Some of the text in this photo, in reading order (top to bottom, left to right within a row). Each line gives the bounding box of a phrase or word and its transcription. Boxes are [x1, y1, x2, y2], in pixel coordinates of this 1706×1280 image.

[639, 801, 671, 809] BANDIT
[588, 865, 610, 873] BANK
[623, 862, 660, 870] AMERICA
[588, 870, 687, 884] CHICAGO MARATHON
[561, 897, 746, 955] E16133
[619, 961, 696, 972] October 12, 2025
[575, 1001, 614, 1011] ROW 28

-*-*-

THE PROBLEM -> Give back every entry exactly, with nothing left out.

SOLUTION FOR THIS EXERCISE ->
Some of the text in this photo, in reading order (top to bottom, left to right within a row). Each line gives the bounding box of a phrase or word and its transcription. Boxes are [x1, y1, x2, y2], in pixel coordinates of this 1706×1280 image.

[639, 801, 671, 809] BANDIT
[588, 865, 610, 873] BANK
[623, 862, 660, 870] AMERICA
[588, 870, 687, 884] CHICAGO MARATHON
[561, 897, 746, 955] E16133
[619, 961, 696, 972] October 12, 2025
[575, 1001, 614, 1011] ROW 28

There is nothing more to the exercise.